* Your objective *
Word for word, write the records out again, but omit each picture.

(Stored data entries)

Start of Block

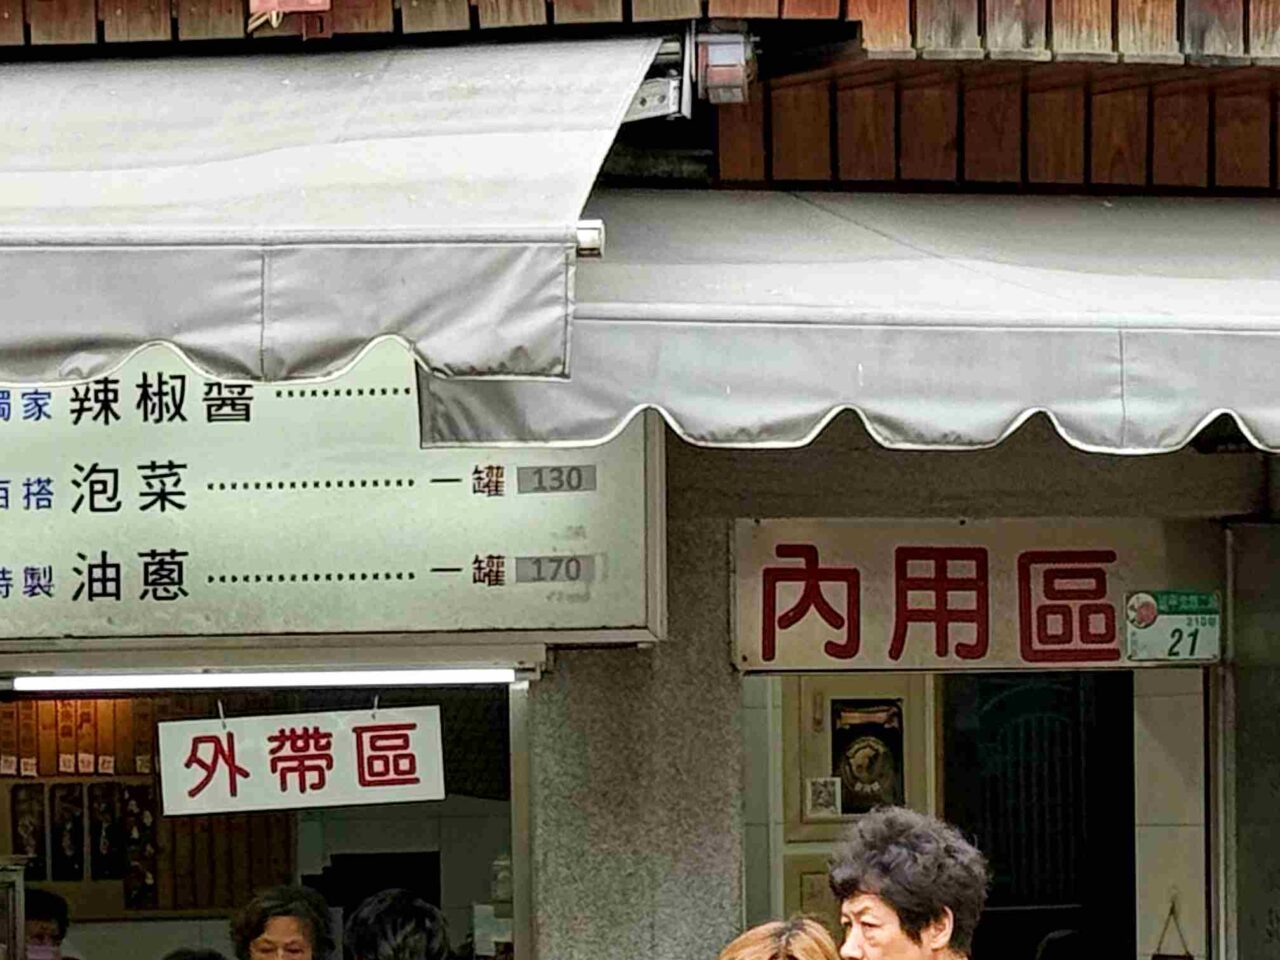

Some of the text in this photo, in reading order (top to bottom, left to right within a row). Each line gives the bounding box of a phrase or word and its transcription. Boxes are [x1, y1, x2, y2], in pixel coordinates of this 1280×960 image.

[70, 371, 254, 426] 辣椒醬
[71, 460, 188, 513] 泡菜
[429, 464, 506, 497] 一罐
[532, 466, 583, 491] 130
[71, 548, 190, 602] 油蔥
[429, 554, 507, 587] 一罐
[531, 557, 582, 582] 170
[761, 543, 1121, 662] 內用區
[1168, 628, 1199, 656] 21
[184, 722, 421, 798] 外帶區
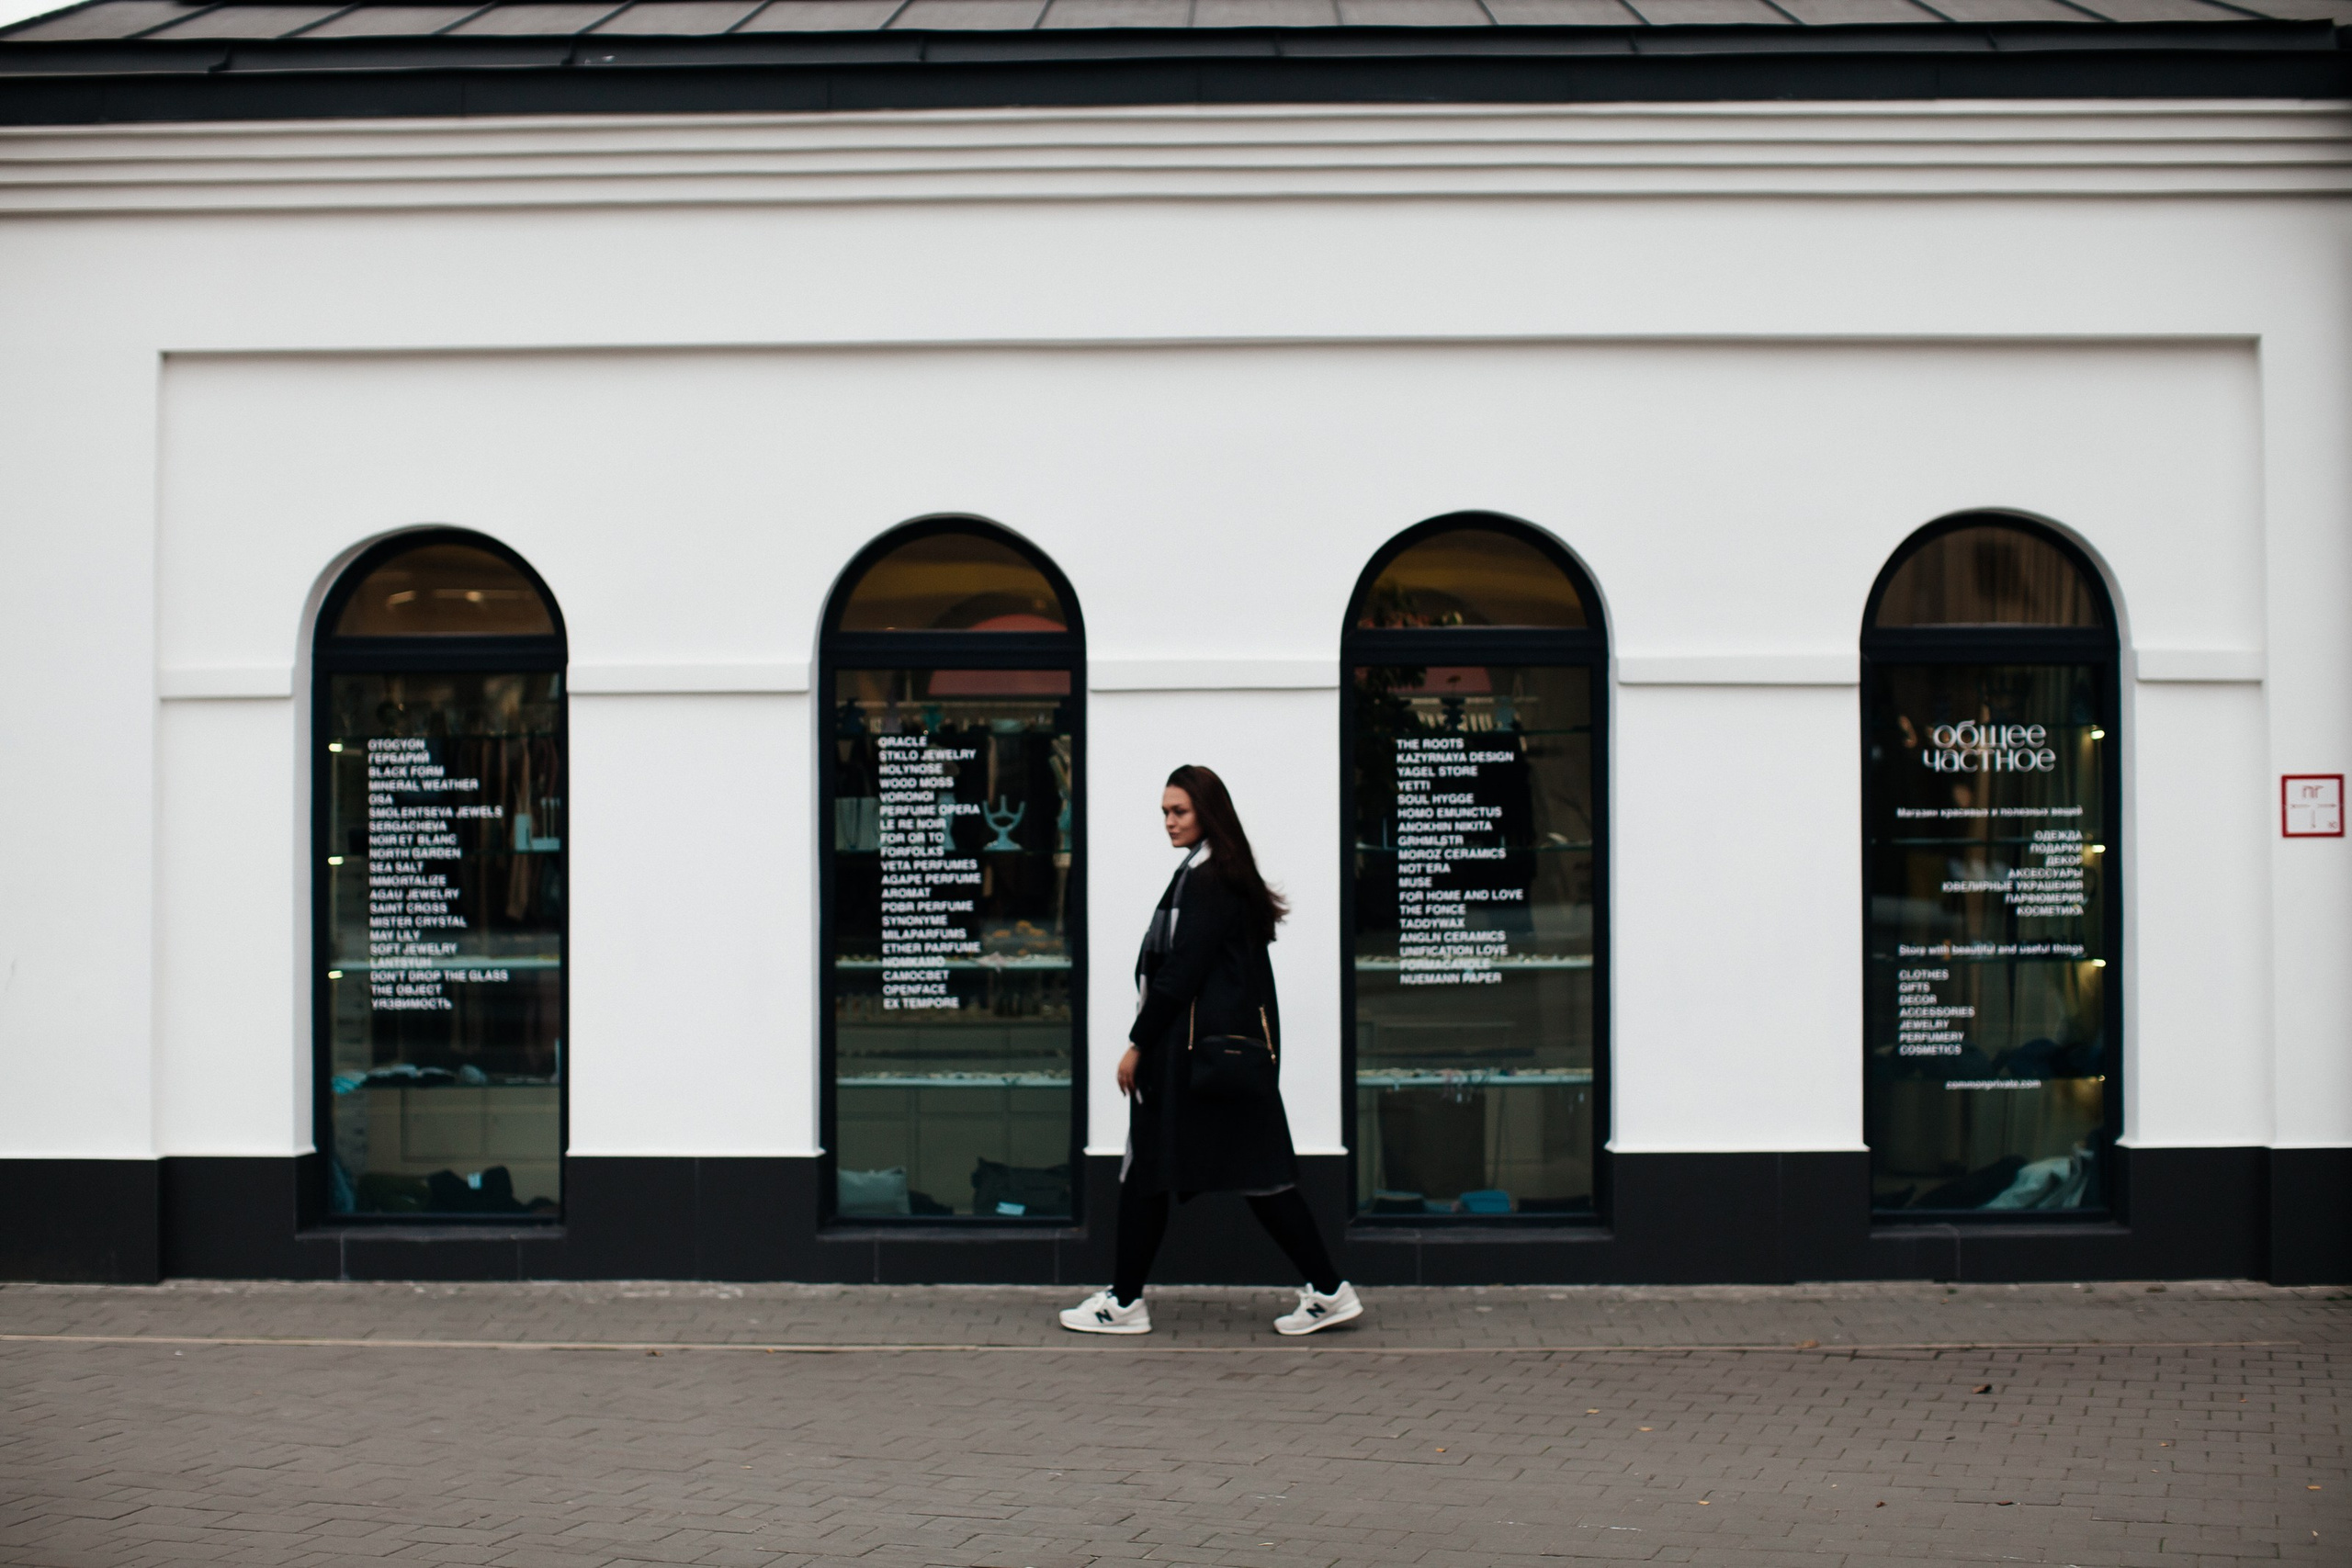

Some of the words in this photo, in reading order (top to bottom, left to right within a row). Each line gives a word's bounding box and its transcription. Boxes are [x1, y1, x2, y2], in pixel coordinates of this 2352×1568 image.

[1933, 720, 2046, 750] общее
[878, 737, 927, 748] ORACLE
[1396, 739, 1419, 750] THE
[1422, 739, 1464, 750] ROOTS
[878, 750, 919, 761] STKLO
[921, 749, 976, 761] JEWELRY
[1469, 751, 1514, 761] DESIGN
[1923, 748, 2056, 773] частное
[368, 766, 408, 778] BLACK
[411, 765, 445, 777] FORM
[1397, 767, 1435, 777] YAGEL
[1438, 766, 1478, 777] STORE
[368, 780, 420, 792] MINERAL
[422, 778, 479, 790] WEATHER
[879, 778, 917, 788] WOOD
[919, 777, 954, 788] MOSS
[1397, 795, 1430, 805] SOUL
[1432, 794, 1474, 805] HYGGE
[368, 807, 453, 818] SMOLENTSEVA
[456, 805, 503, 818] JEWELS
[879, 806, 935, 816] PERFUME
[939, 804, 980, 815] OPERA
[1397, 808, 1434, 818] HOMO
[1897, 807, 1939, 818] Магазин
[368, 820, 447, 832] SERGACHEVA
[880, 819, 895, 830] LE
[917, 818, 946, 829] NOIR
[1454, 821, 1493, 831] NIKITA
[369, 835, 397, 846] NOIR
[399, 835, 413, 845] ET
[417, 834, 458, 845] BLANC
[880, 833, 905, 844] FOR
[908, 832, 925, 843] OR
[928, 832, 944, 843] TO
[2034, 829, 2083, 842] ОДЕЖДА
[369, 849, 410, 860] NORTH
[412, 847, 461, 859] GARDEN
[880, 846, 944, 858] FORFOLKS
[1398, 849, 1442, 860] MOROZ
[1444, 848, 1506, 859] CERAMICS
[2030, 842, 2083, 854] ПОДАРКИ
[881, 861, 910, 872] VETA
[913, 860, 978, 871] PERFUMES
[2045, 855, 2083, 867] ДЕКОР
[369, 862, 392, 874] SEA
[395, 862, 424, 873] SALT
[2007, 868, 2084, 879] АКСЕССУАРЫ
[369, 874, 447, 887] IMMORTALIZE
[881, 874, 922, 885] AGAPE
[925, 874, 981, 885] PERFUME
[1398, 877, 1432, 887] MUSE
[881, 887, 931, 898] AROMAT
[1941, 881, 2013, 893] ЮВЕЛИРНЫЕ
[2016, 880, 2084, 891] УКРАШЕНИЯ
[369, 889, 403, 900] AGAU
[406, 888, 459, 900] JEWELRY
[1399, 892, 1423, 902] FOR
[1427, 890, 1461, 901] HOME
[1464, 890, 1489, 900] AND
[1492, 889, 1523, 900] LOVE
[2005, 893, 2084, 905] ПАРФЮМЕРИЯ
[369, 902, 403, 914] SAINT
[406, 902, 447, 914] CROSS
[917, 901, 973, 911] PERFUME
[1399, 905, 1422, 915] THE
[2017, 906, 2084, 917] КОСМЕТИКА
[369, 917, 413, 928] MISTER
[414, 916, 467, 928] CRYSTAL
[369, 931, 393, 942] MAY
[396, 930, 421, 942] LILY
[1443, 931, 1506, 942] CERAMICS
[369, 943, 401, 955] SOFT
[402, 942, 458, 955] JEWELRY
[882, 943, 922, 953] ETHER
[924, 942, 981, 953] PARFUME
[1400, 946, 1473, 956] UNIFICATION
[1476, 944, 1508, 955] LOVE
[1899, 945, 1926, 956] Store
[1928, 945, 1950, 955] with
[1952, 944, 1996, 955] beautiful
[1998, 944, 2017, 954] and
[2020, 944, 2050, 954] useful
[2052, 943, 2084, 956] things
[370, 970, 405, 982] DON'T
[408, 970, 441, 982] DROP
[444, 970, 466, 982] THE
[469, 969, 508, 982] GLASS
[1462, 973, 1501, 984] PAPER
[1899, 969, 1949, 980] CLOTHES
[371, 984, 393, 996] THE
[396, 984, 442, 996] OBJECT
[883, 984, 946, 996] OPENFACE
[1899, 982, 1930, 993] GIFTS
[371, 998, 452, 1010] УЯЗВИМОСТЬ
[883, 998, 899, 1010] EX
[902, 998, 959, 1009] TEMPORE
[1899, 995, 1937, 1006] DECOR
[1899, 1007, 1974, 1018] ACCESSORIES
[1899, 1020, 1950, 1031] JEWELRY
[1899, 1032, 1964, 1043] PERFUMERY
[1899, 1044, 1962, 1055] COSMETICS
[1095, 1309, 1113, 1323] N
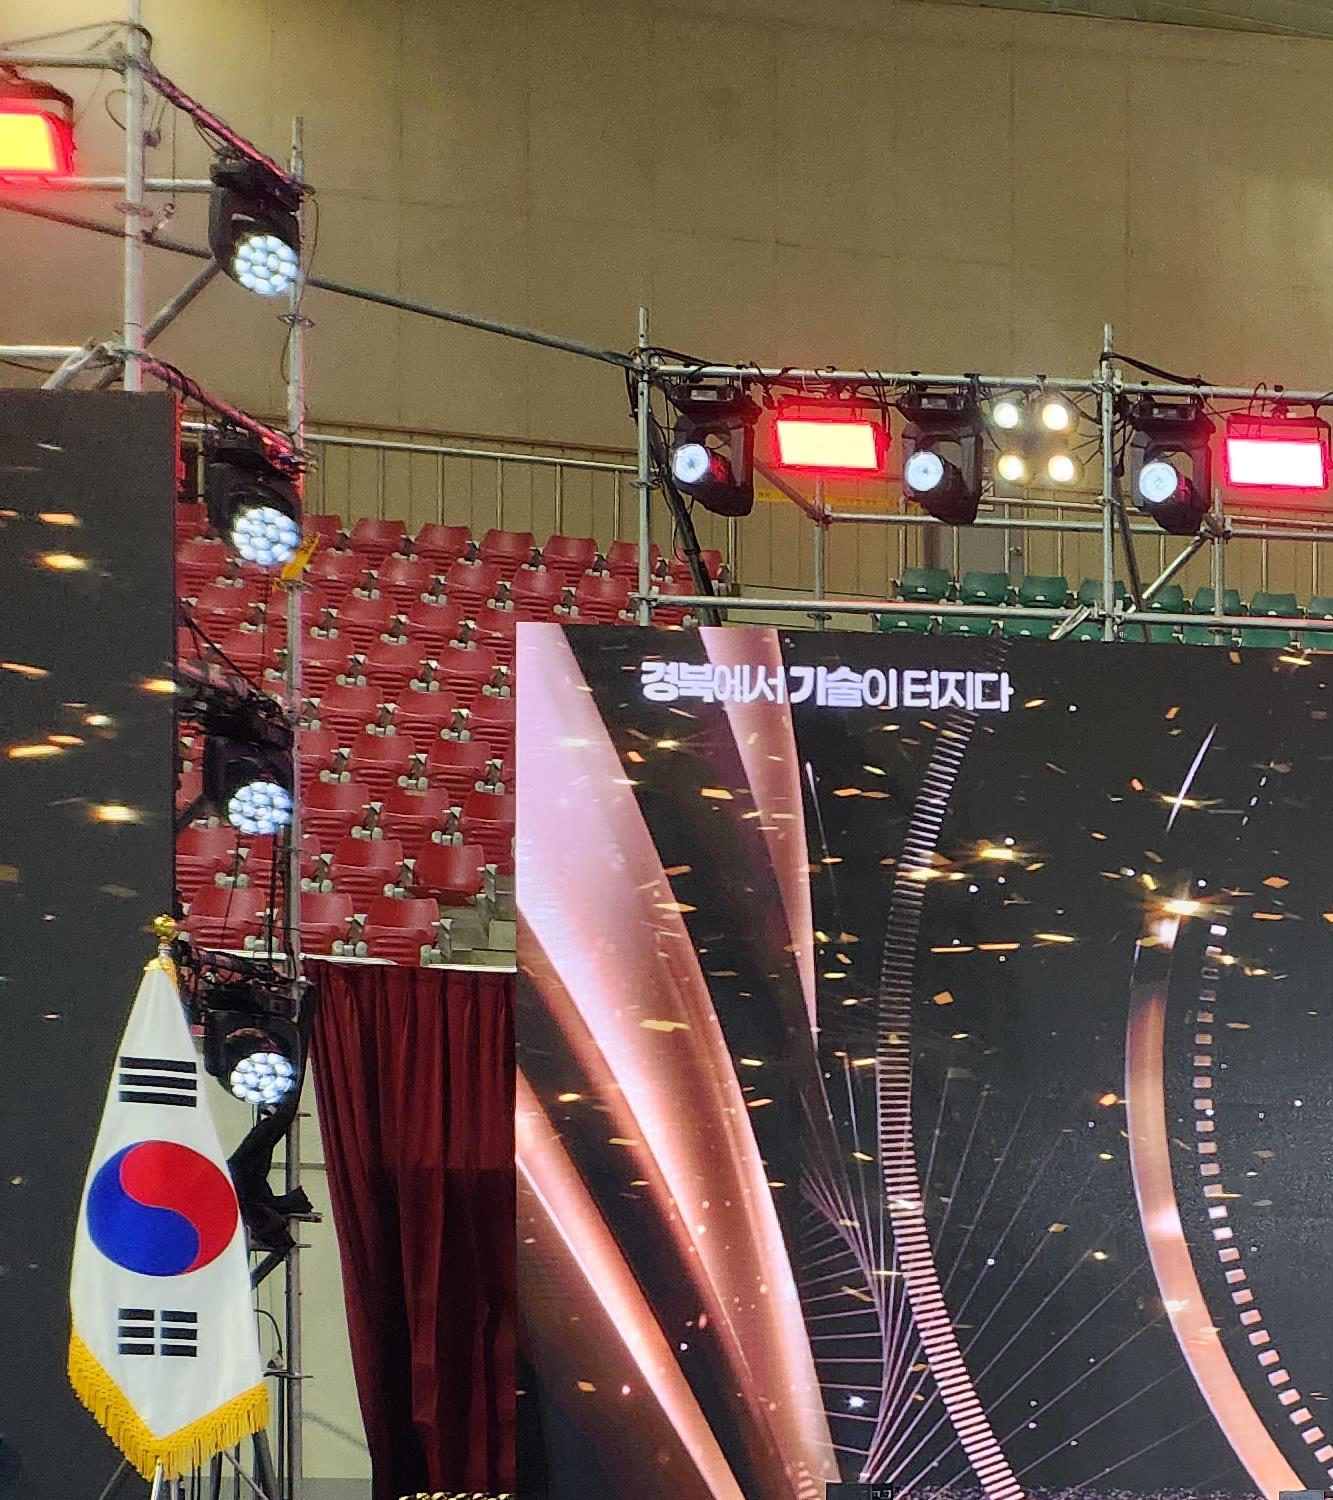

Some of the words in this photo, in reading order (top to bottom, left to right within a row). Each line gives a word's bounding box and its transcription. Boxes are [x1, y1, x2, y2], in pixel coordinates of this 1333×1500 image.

[641, 661, 784, 704] 경북에서
[789, 666, 897, 709] 기술이
[902, 670, 1014, 712] 터지다

End of Block

* Task response *
Some of the text in this photo, in reading order (top to bottom, left to right within a row). Each line gives the bounding box of a phrase or word and its transcription. Boxes are [x1, y1, x2, y2], in pixel coordinates of this 1280×960 image.

[70, 371, 254, 426] 辣椒醬
[71, 460, 188, 513] 泡菜
[429, 464, 506, 497] 一罐
[532, 466, 583, 491] 130
[71, 548, 190, 602] 油蔥
[429, 554, 507, 587] 一罐
[531, 557, 582, 582] 170
[761, 543, 1121, 662] 內用區
[1168, 628, 1199, 656] 21
[184, 722, 421, 798] 外帶區

Some of the words in this photo, in reading order (top to bottom, left to right within a row). Each line gives a word's bounding box and its transcription. Boxes are [x1, y1, x2, y2], in pixel coordinates of this 2352×1568 image.

[1933, 720, 2046, 750] общее
[878, 737, 927, 748] ORACLE
[1396, 739, 1419, 750] THE
[1422, 739, 1464, 750] ROOTS
[878, 750, 919, 761] STKLO
[921, 749, 976, 761] JEWELRY
[1469, 751, 1514, 761] DESIGN
[1923, 748, 2056, 773] частное
[368, 766, 408, 778] BLACK
[411, 765, 445, 777] FORM
[1397, 767, 1435, 777] YAGEL
[1438, 766, 1478, 777] STORE
[368, 780, 420, 792] MINERAL
[422, 778, 479, 790] WEATHER
[879, 778, 917, 788] WOOD
[919, 777, 954, 788] MOSS
[1397, 795, 1430, 805] SOUL
[1432, 794, 1474, 805] HYGGE
[368, 807, 453, 818] SMOLENTSEVA
[456, 805, 503, 818] JEWELS
[879, 806, 935, 816] PERFUME
[939, 804, 980, 815] OPERA
[1397, 808, 1434, 818] HOMO
[1897, 807, 1939, 818] Магазин
[368, 820, 447, 832] SERGACHEVA
[880, 819, 895, 830] LE
[917, 818, 946, 829] NOIR
[1454, 821, 1493, 831] NIKITA
[369, 835, 397, 846] NOIR
[399, 835, 413, 845] ET
[417, 834, 458, 845] BLANC
[880, 833, 905, 844] FOR
[908, 832, 925, 843] OR
[928, 832, 944, 843] TO
[2034, 829, 2083, 842] ОДЕЖДА
[369, 849, 410, 860] NORTH
[412, 847, 461, 859] GARDEN
[880, 846, 944, 858] FORFOLKS
[1398, 849, 1442, 860] MOROZ
[1444, 848, 1506, 859] CERAMICS
[2030, 842, 2083, 854] ПОДАРКИ
[881, 861, 910, 872] VETA
[913, 860, 978, 871] PERFUMES
[2045, 855, 2083, 867] ДЕКОР
[369, 862, 392, 874] SEA
[395, 862, 424, 873] SALT
[2007, 868, 2084, 879] АКСЕССУАРЫ
[369, 874, 447, 887] IMMORTALIZE
[881, 874, 922, 885] AGAPE
[925, 874, 981, 885] PERFUME
[1398, 877, 1432, 887] MUSE
[881, 887, 931, 898] AROMAT
[1941, 881, 2013, 893] ЮВЕЛИРНЫЕ
[2016, 880, 2084, 891] УКРАШЕНИЯ
[369, 889, 403, 900] AGAU
[406, 888, 459, 900] JEWELRY
[1399, 892, 1423, 902] FOR
[1427, 890, 1461, 901] HOME
[1464, 890, 1489, 900] AND
[1492, 889, 1523, 900] LOVE
[2005, 893, 2084, 905] ПАРФЮМЕРИЯ
[369, 902, 403, 914] SAINT
[406, 902, 447, 914] CROSS
[917, 901, 973, 911] PERFUME
[1399, 905, 1422, 915] THE
[2017, 906, 2084, 917] КОСМЕТИКА
[369, 917, 413, 928] MISTER
[414, 916, 467, 928] CRYSTAL
[369, 931, 393, 942] MAY
[396, 930, 421, 942] LILY
[1443, 931, 1506, 942] CERAMICS
[369, 943, 401, 955] SOFT
[402, 942, 458, 955] JEWELRY
[882, 943, 922, 953] ETHER
[924, 942, 981, 953] PARFUME
[1400, 946, 1473, 956] UNIFICATION
[1476, 944, 1508, 955] LOVE
[1899, 945, 1926, 956] Store
[1928, 945, 1950, 955] with
[1952, 944, 1996, 955] beautiful
[1998, 944, 2017, 954] and
[2020, 944, 2050, 954] useful
[2052, 943, 2084, 956] things
[370, 970, 405, 982] DON'T
[408, 970, 441, 982] DROP
[444, 970, 466, 982] THE
[469, 969, 508, 982] GLASS
[1462, 973, 1501, 984] PAPER
[1899, 969, 1949, 980] CLOTHES
[371, 984, 393, 996] THE
[396, 984, 442, 996] OBJECT
[883, 984, 946, 996] OPENFACE
[1899, 982, 1930, 993] GIFTS
[371, 998, 452, 1010] УЯЗВИМОСТЬ
[883, 998, 899, 1010] EX
[902, 998, 959, 1009] TEMPORE
[1899, 995, 1937, 1006] DECOR
[1899, 1007, 1974, 1018] ACCESSORIES
[1899, 1020, 1950, 1031] JEWELRY
[1899, 1032, 1964, 1043] PERFUMERY
[1899, 1044, 1962, 1055] COSMETICS
[1095, 1309, 1113, 1323] N

Some of the words in this photo, in reading order (top to bottom, left to right within a row). Each line gives a word's bounding box and its transcription. Boxes are [x1, y1, x2, y2], in pixel coordinates of this 1333×1500 image.

[641, 661, 784, 704] 경북에서
[789, 666, 897, 709] 기술이
[902, 670, 1014, 712] 터지다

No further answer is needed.